--- PROMPT ---
Copy each line of the data below exactly, leaving out pictures.
DATA Block Start
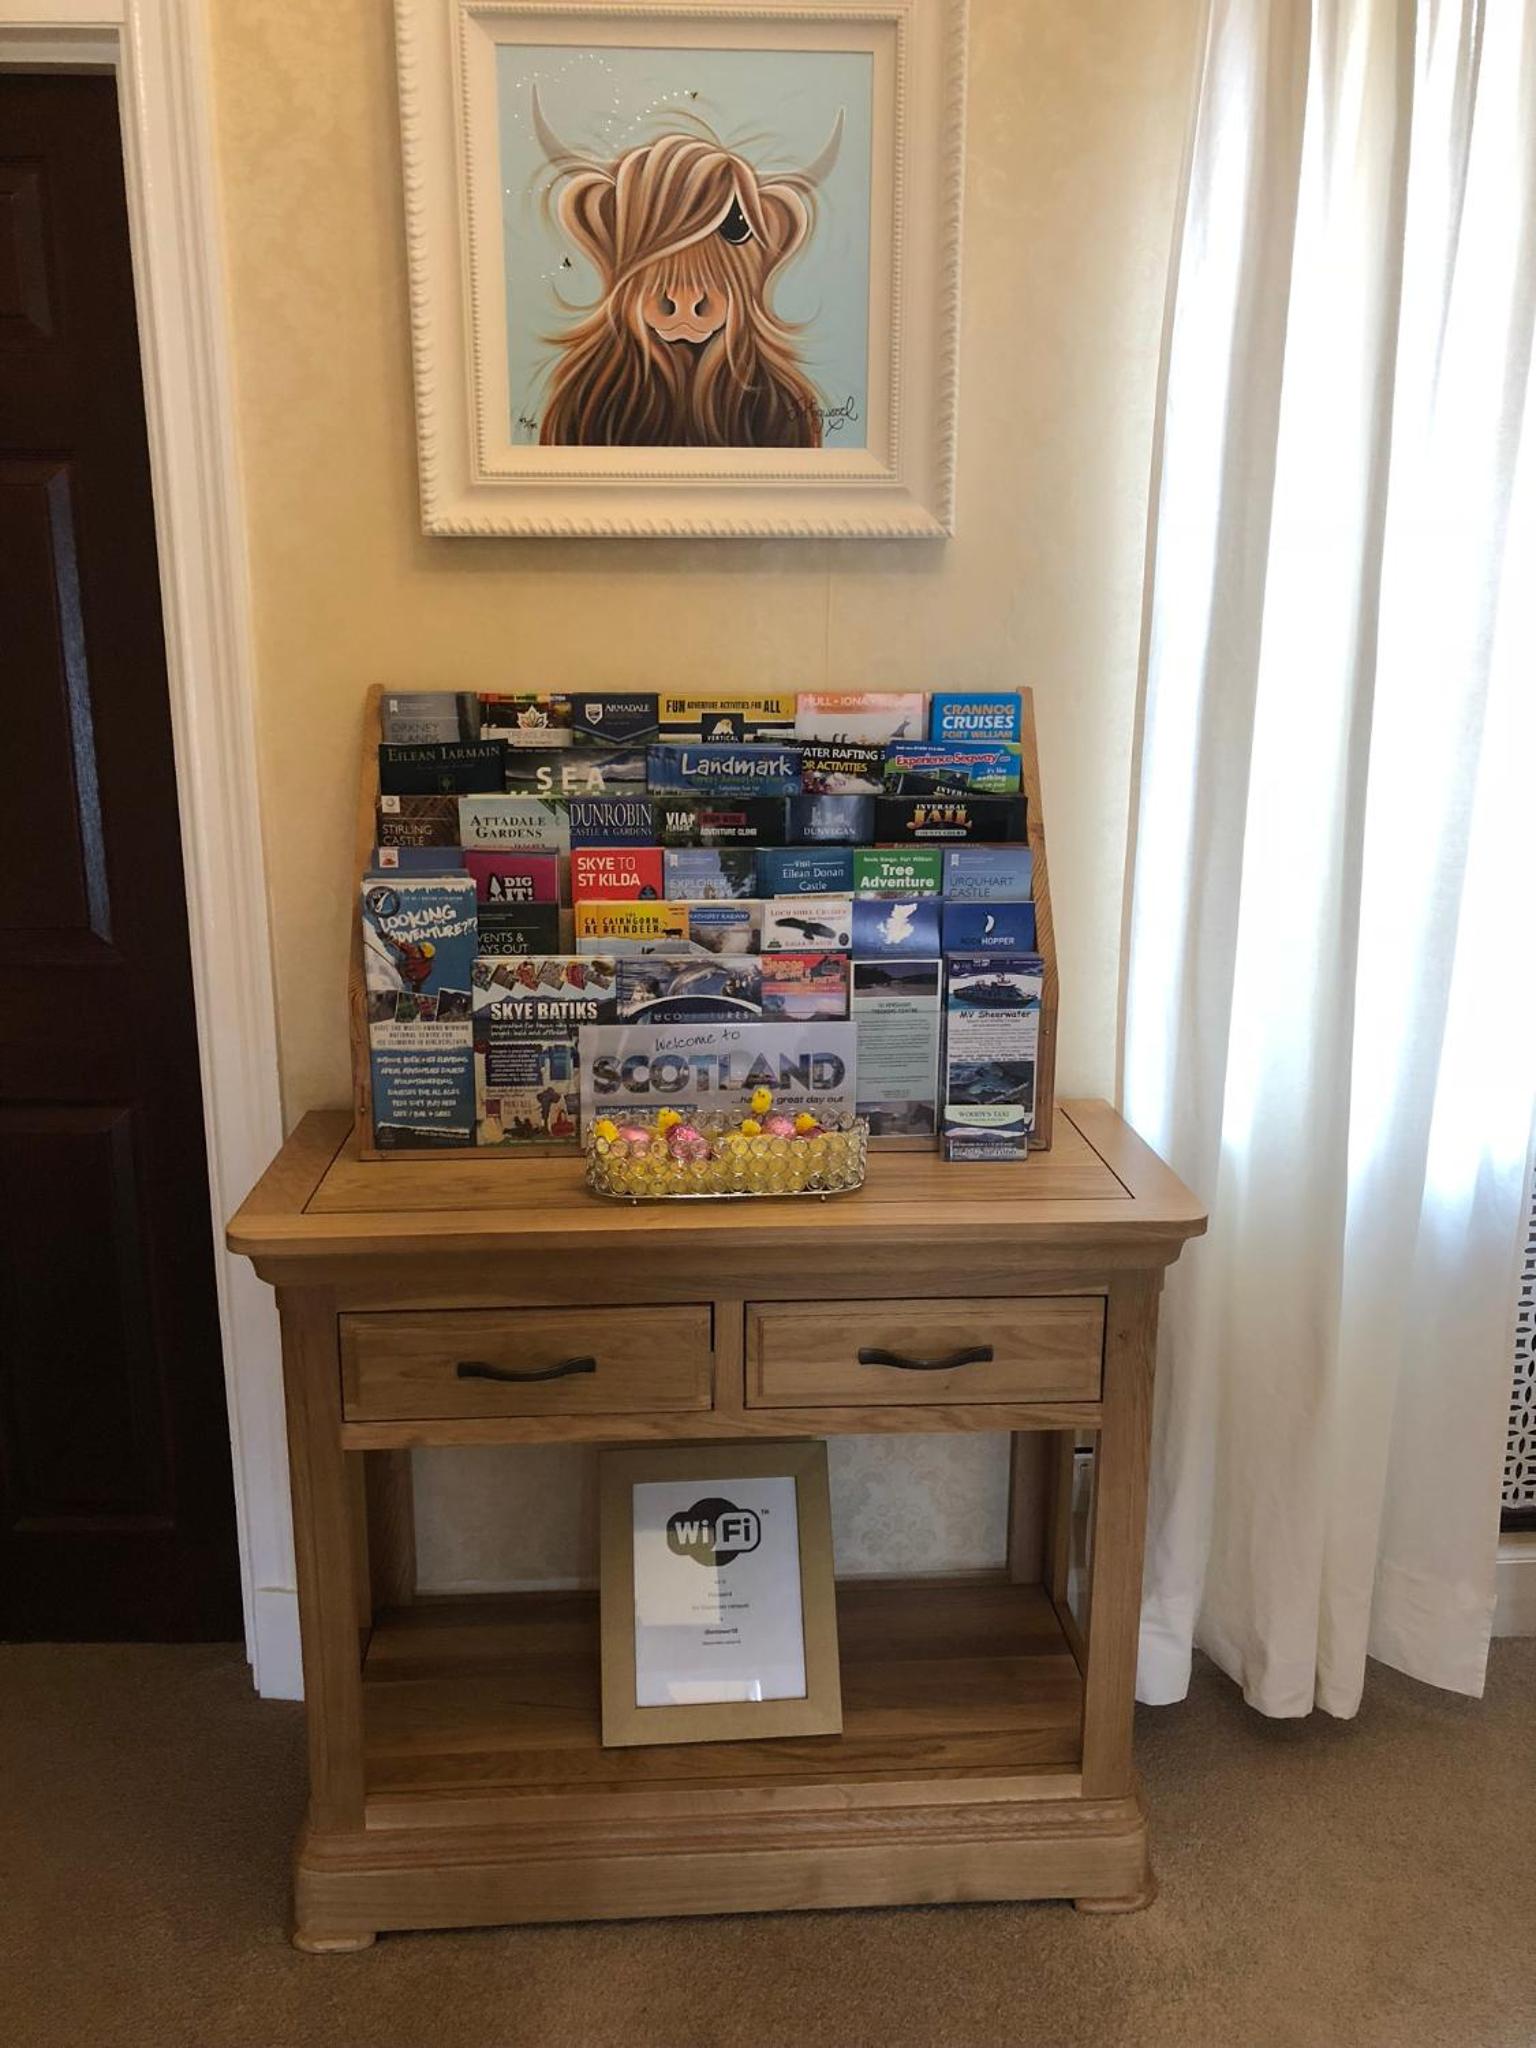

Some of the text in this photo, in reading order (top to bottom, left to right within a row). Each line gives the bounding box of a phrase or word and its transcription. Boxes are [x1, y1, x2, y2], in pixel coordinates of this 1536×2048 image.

[604, 702, 651, 713] ARMADALE
[665, 700, 686, 713] FUN
[763, 700, 781, 713] ALL
[942, 704, 1014, 715] CRANNOG
[942, 716, 1014, 730] CRUISES
[942, 731, 1013, 739] FORT WILLIAM
[800, 747, 878, 761] ATER RAFTING
[681, 752, 794, 777] Landmark
[818, 760, 868, 773] ACTIVITIES
[536, 766, 607, 791] SEA
[470, 814, 547, 827] ATTADALE
[569, 803, 652, 828] DUNROBIN
[906, 809, 974, 829] JAIL
[382, 824, 433, 835] STIRLING
[475, 826, 543, 839] GARDENS
[803, 826, 857, 836] DUNVEGAN
[383, 836, 425, 847] CASTLE
[577, 857, 636, 871] SKYE TO
[880, 863, 915, 876] Tree
[813, 867, 845, 878] Donan
[504, 877, 533, 887] DIG
[577, 873, 641, 888] ST KILDA
[860, 875, 935, 888] Adventure
[377, 903, 457, 933] LOOKING
[602, 916, 660, 925] CAIRNGORM
[602, 925, 660, 934] REINDEER
[477, 933, 514, 943] VENTS
[477, 943, 529, 954] AYS OUT
[490, 1001, 599, 1021] SKYE BATIKS
[655, 1029, 741, 1051] Welcome to
[592, 1051, 846, 1094] SCOTLAND
[776, 1095, 806, 1106] great
[807, 1096, 825, 1106] day
[826, 1095, 845, 1104] out
DATA Block End
--- SOLUTION TO THIS TASK ---
Some of the text in this photo, in reading order (top to bottom, left to right within a row). Each line gives the bounding box of a phrase or word and its transcription. Boxes are [x1, y1, x2, y2], in pixel coordinates of this 1536×2048 image.

[604, 702, 651, 713] ARMADALE
[665, 700, 686, 713] FUN
[763, 700, 781, 713] ALL
[942, 704, 1014, 715] CRANNOG
[942, 716, 1014, 730] CRUISES
[942, 731, 1013, 739] FORT WILLIAM
[800, 747, 878, 761] ATER RAFTING
[681, 752, 794, 777] Landmark
[818, 760, 868, 773] ACTIVITIES
[536, 766, 607, 791] SEA
[470, 814, 547, 827] ATTADALE
[569, 803, 652, 828] DUNROBIN
[906, 809, 974, 829] JAIL
[382, 824, 433, 835] STIRLING
[475, 826, 543, 839] GARDENS
[803, 826, 857, 836] DUNVEGAN
[383, 836, 425, 847] CASTLE
[577, 857, 636, 871] SKYE TO
[880, 863, 915, 876] Tree
[813, 867, 845, 878] Donan
[504, 877, 533, 887] DIG
[577, 873, 641, 888] ST KILDA
[860, 875, 935, 888] Adventure
[377, 903, 457, 933] LOOKING
[602, 916, 660, 925] CAIRNGORM
[602, 925, 660, 934] REINDEER
[477, 933, 514, 943] VENTS
[477, 943, 529, 954] AYS OUT
[490, 1001, 599, 1021] SKYE BATIKS
[655, 1029, 741, 1051] Welcome to
[592, 1051, 846, 1094] SCOTLAND
[776, 1095, 806, 1106] great
[807, 1096, 825, 1106] day
[826, 1095, 845, 1104] out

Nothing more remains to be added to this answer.